189 F. Supp. 3d 528
D.V.I.2016Background
- On April 20, 2015 officers stopped a maroon car for an outdated registration; Gerard St. Rose was a passenger.
- After the driver was told the car would be towed, officers had St. Rose exit the vehicle; he appeared nervous and said “I do not like police.”
- Officer Poleon patted down St. Rose, felt what he believed to be a gun, shouted, and both officers drew their weapons; St. Rose was ordered and/or placed in handcuffs.
- Before receiving Miranda warnings, Officer Poleon asked whether St. Rose had a firearms license; St. Rose responded “no.”
- Following that response (and after Miranda warnings were given), officers recovered a gun and later discovered marijuana on St. Rose and in a blue bag in the car; officers also radioed for a forensic unit and towed the vehicle.
- St. Rose moved to suppress statements and physical evidence, arguing Fourth and Fifth Amendment violations; the court held the pre-Miranda response was involuntary and suppressed that statement and its fruits.
Issues
| Issue | Plaintiff's Argument | Defendant's Argument | Held |
|---|---|---|---|
| Whether St. Rose was in custody when asked about a firearms license (Miranda trigger) | Officer actions (guns drawn, orders, possible handcuffs) rendered St.

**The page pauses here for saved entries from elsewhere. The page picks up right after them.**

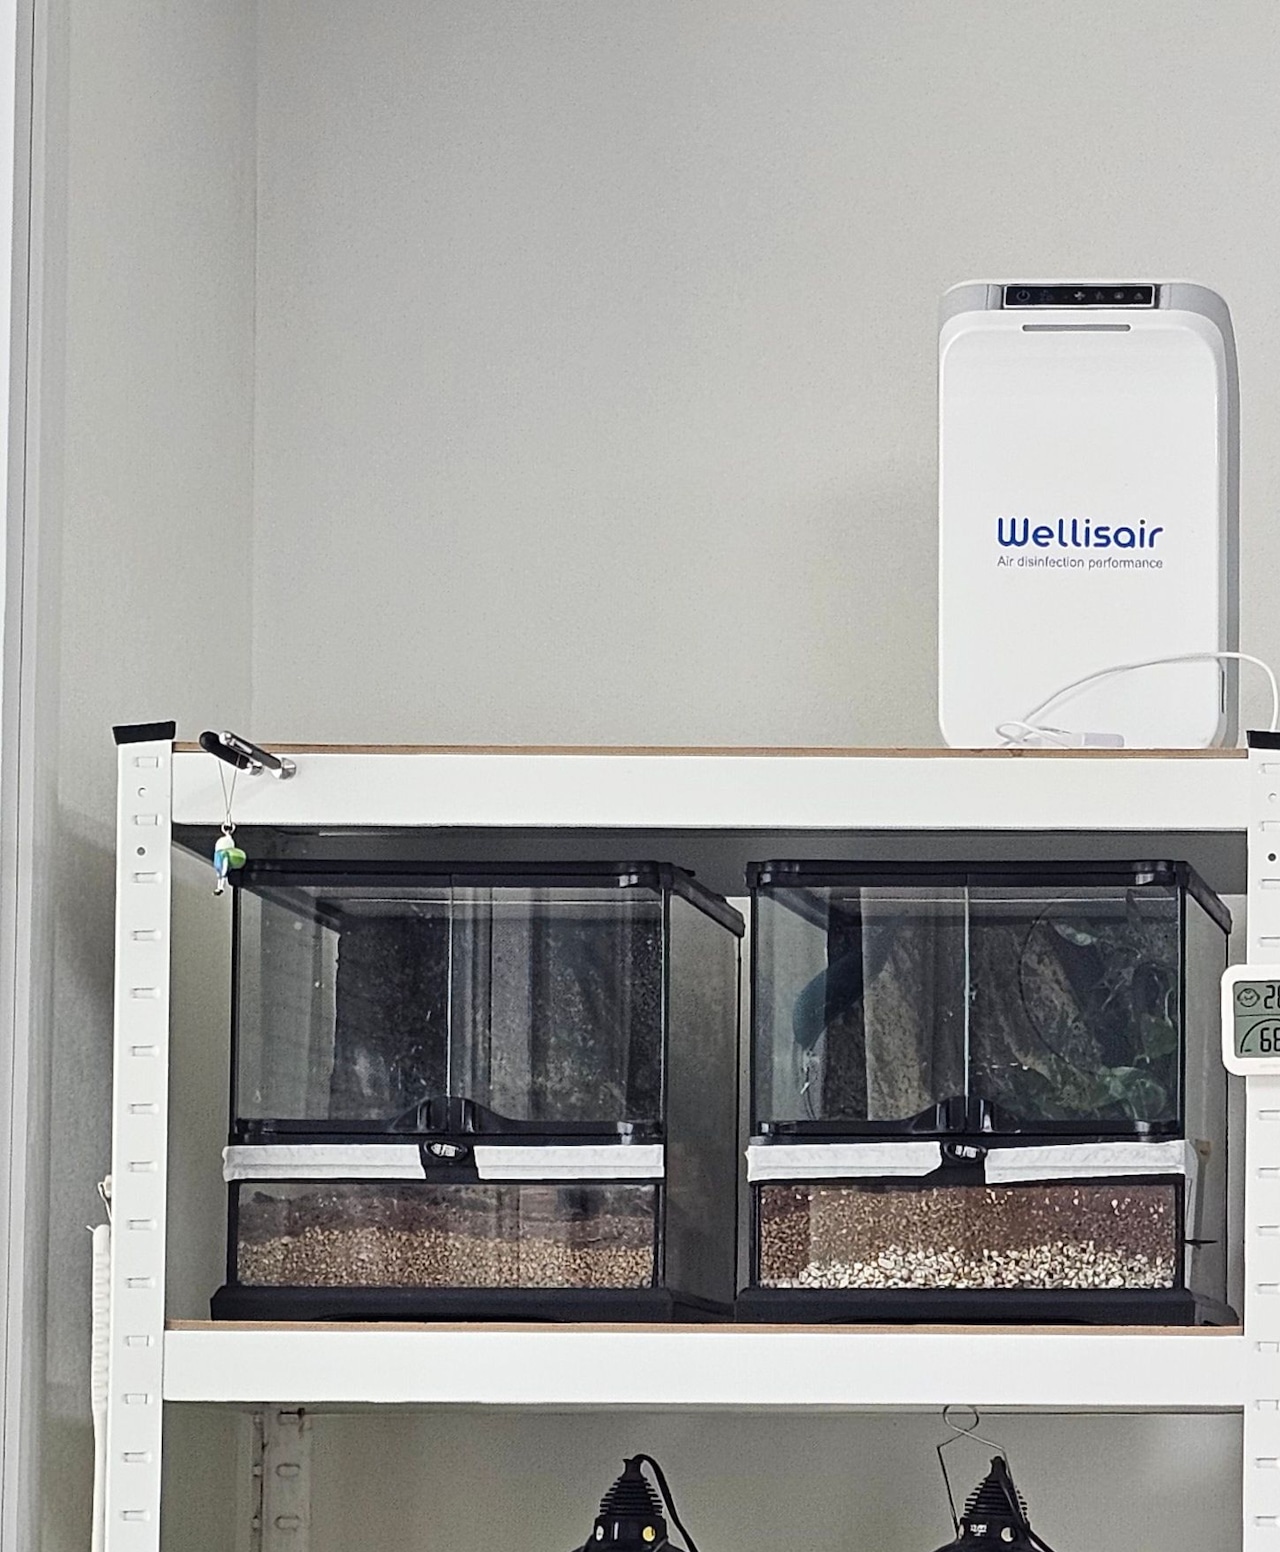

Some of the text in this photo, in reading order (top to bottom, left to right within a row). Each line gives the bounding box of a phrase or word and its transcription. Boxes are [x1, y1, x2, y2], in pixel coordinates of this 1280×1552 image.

[997, 517, 1164, 548] Wellisair
[997, 556, 1164, 571] Air disinfection performance
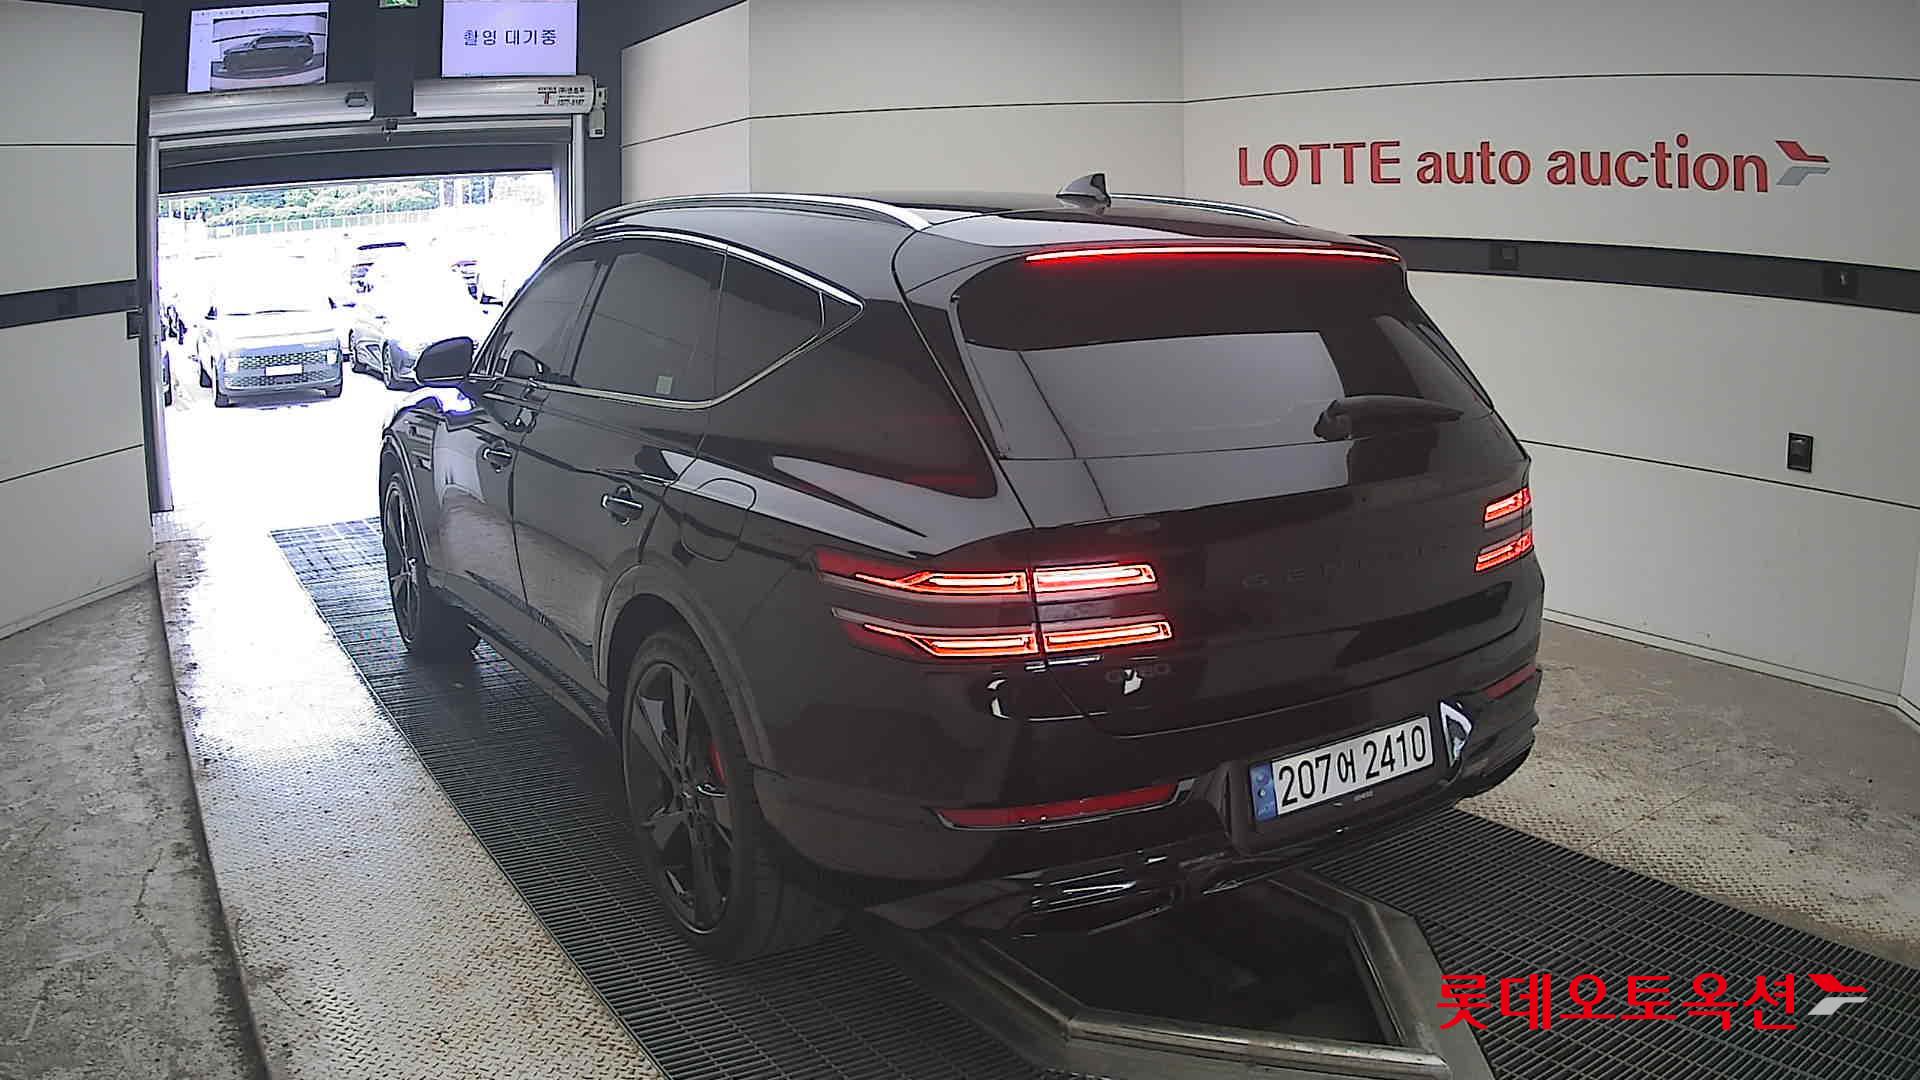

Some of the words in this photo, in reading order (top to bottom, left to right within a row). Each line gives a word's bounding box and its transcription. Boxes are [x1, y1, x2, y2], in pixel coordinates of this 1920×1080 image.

[505, 29, 557, 46] 대기중
[1238, 141, 1400, 187] LOTTE
[1417, 141, 1531, 185] auto
[1547, 134, 1768, 193] auction
[1278, 749, 1357, 808] 207어
[1363, 725, 1427, 780] 2410
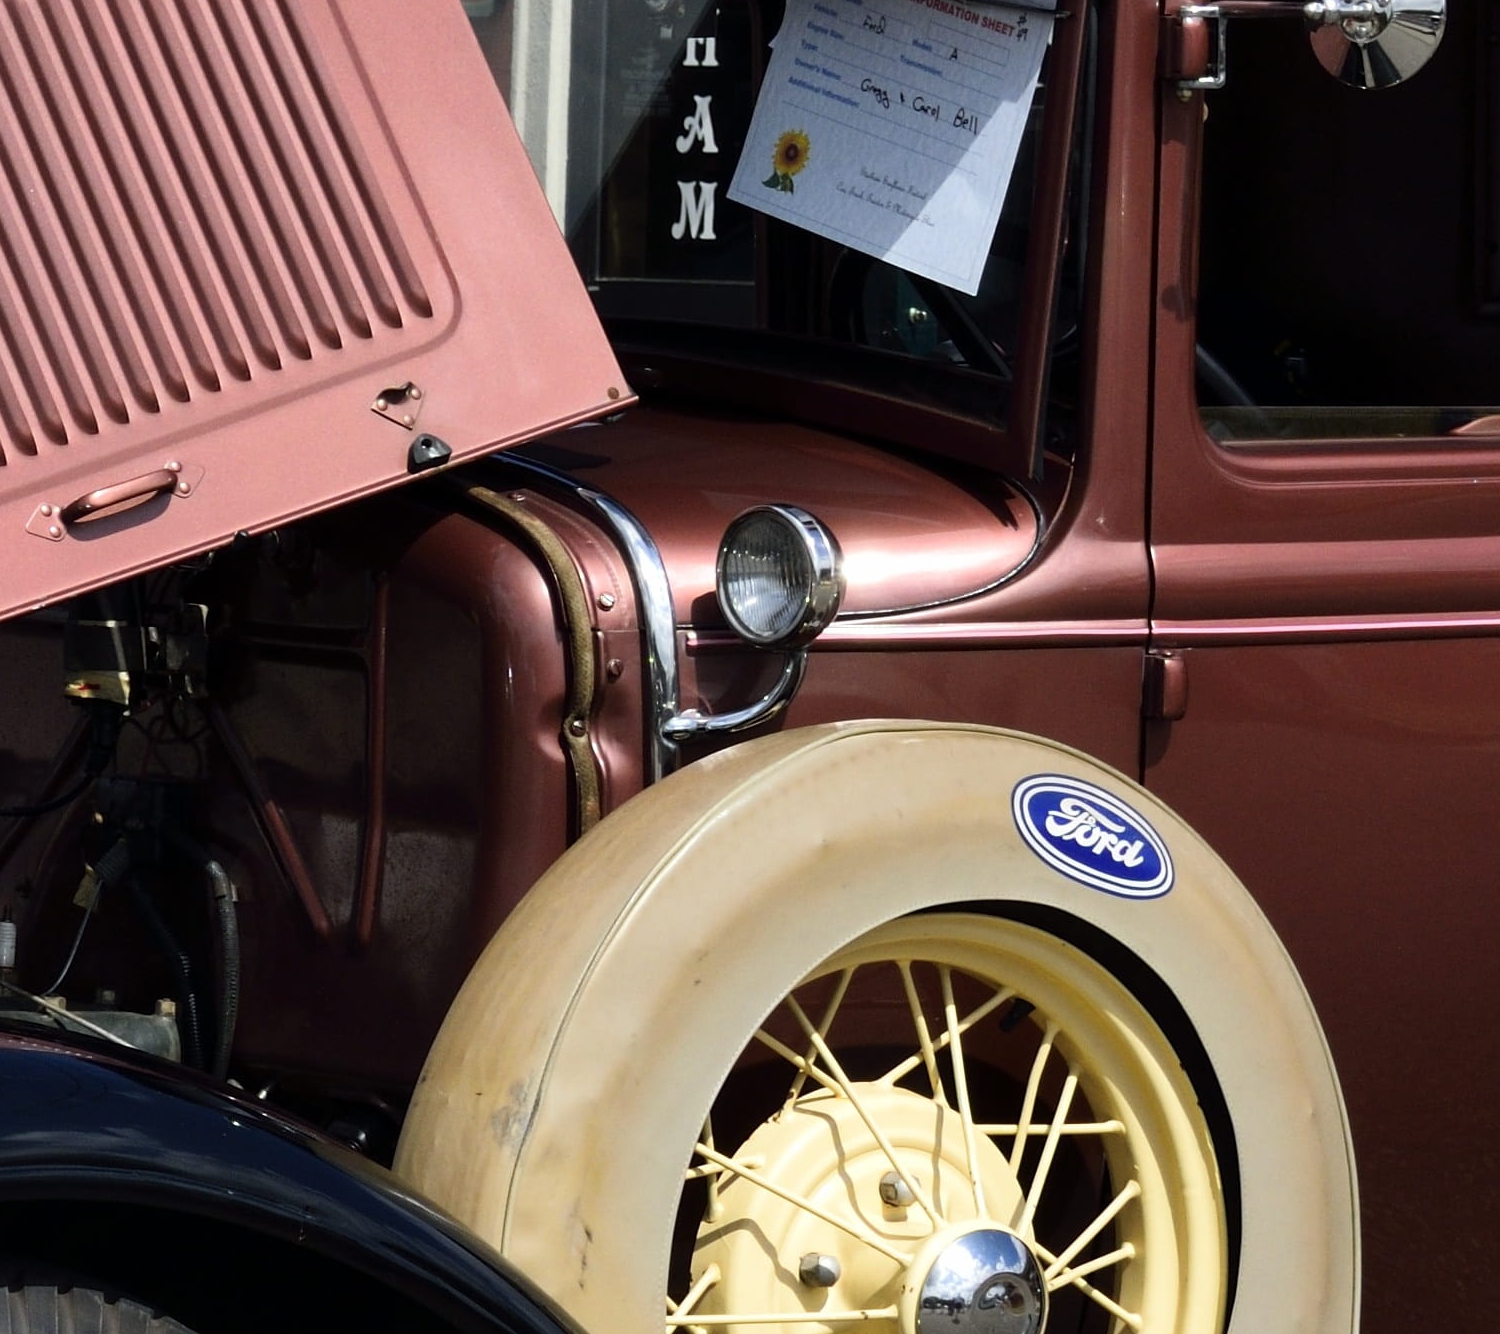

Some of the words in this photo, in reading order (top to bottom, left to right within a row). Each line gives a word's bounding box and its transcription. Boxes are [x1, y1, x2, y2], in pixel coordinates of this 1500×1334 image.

[980, 14, 1016, 37] SHEET
[912, 96, 941, 123] Carol
[952, 107, 979, 136] Bell
[1045, 797, 1145, 869] Ford
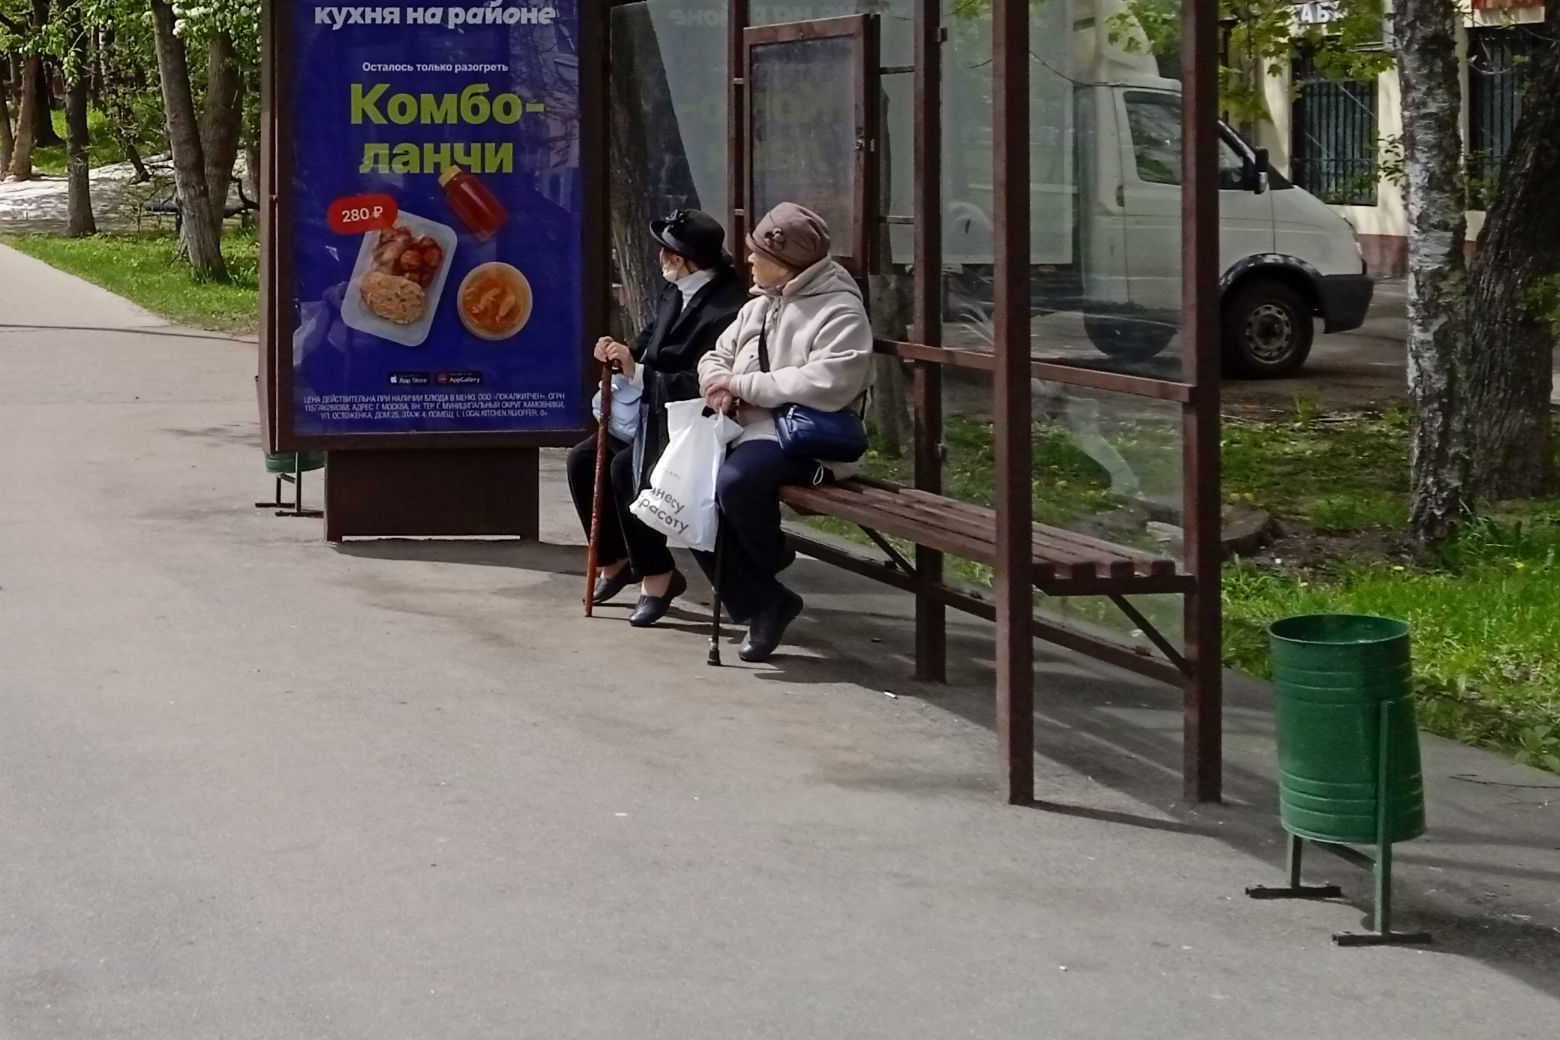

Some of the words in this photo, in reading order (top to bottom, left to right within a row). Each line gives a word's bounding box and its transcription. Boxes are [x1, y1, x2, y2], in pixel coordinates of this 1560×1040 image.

[314, 6, 401, 30] кухня
[407, 6, 443, 24] на
[447, 0, 556, 30] районе
[362, 62, 414, 72] Осталось
[416, 63, 453, 72] только
[454, 63, 509, 73] разогреть
[350, 83, 545, 125] Комбо-
[359, 142, 513, 174] ланчи
[342, 208, 370, 223] 280

Rose "in custody" so Miranda warnings required | Temporary traffic-stop framework means not "in custody"; questioning was brief investigatory inquiry | Held: St. Rose was in custody; question constituted custodial interrogation and Miranda applied |
| Whether St. Rose's pre‑Miranda "no license" response was voluntary | Statement was coerced: officers pointed weapons at him and he appeared frightened, so his will was overborne | Government argued the response was voluntary and simply part of investigation | Held: Statement was involuntary (coercive environment); violated Fifth Amendment and must be suppressed |
| Whether evidence recovered after the involuntary statement (gun, bag, marijuana, later statements) is admissible as not ‘‘fruit’’ | Fruits flowed from the involuntary statement and unlawful arrest; exclusion required | Government invoked exceptions (inevitable discovery/inventory, independent source) but failed to develop proof | Held: Fruits suppressed—government failed to prove any exception; inevitable discovery not shown |
| Whether arrest was supported by independent probable cause despite the suppressed statement | Arrest lacked lawful probable cause once illegally obtained statement is excluded | Government relied solely on St. Rose’s admission of no license to establish probable cause | Held: Arrest unlawful; government waived any alternative legal-basis arguments |
Key Cases Cited
- Miranda v. Arizona, 384 U.S. 436 (established custodial-interrogation Miranda warnings requirement)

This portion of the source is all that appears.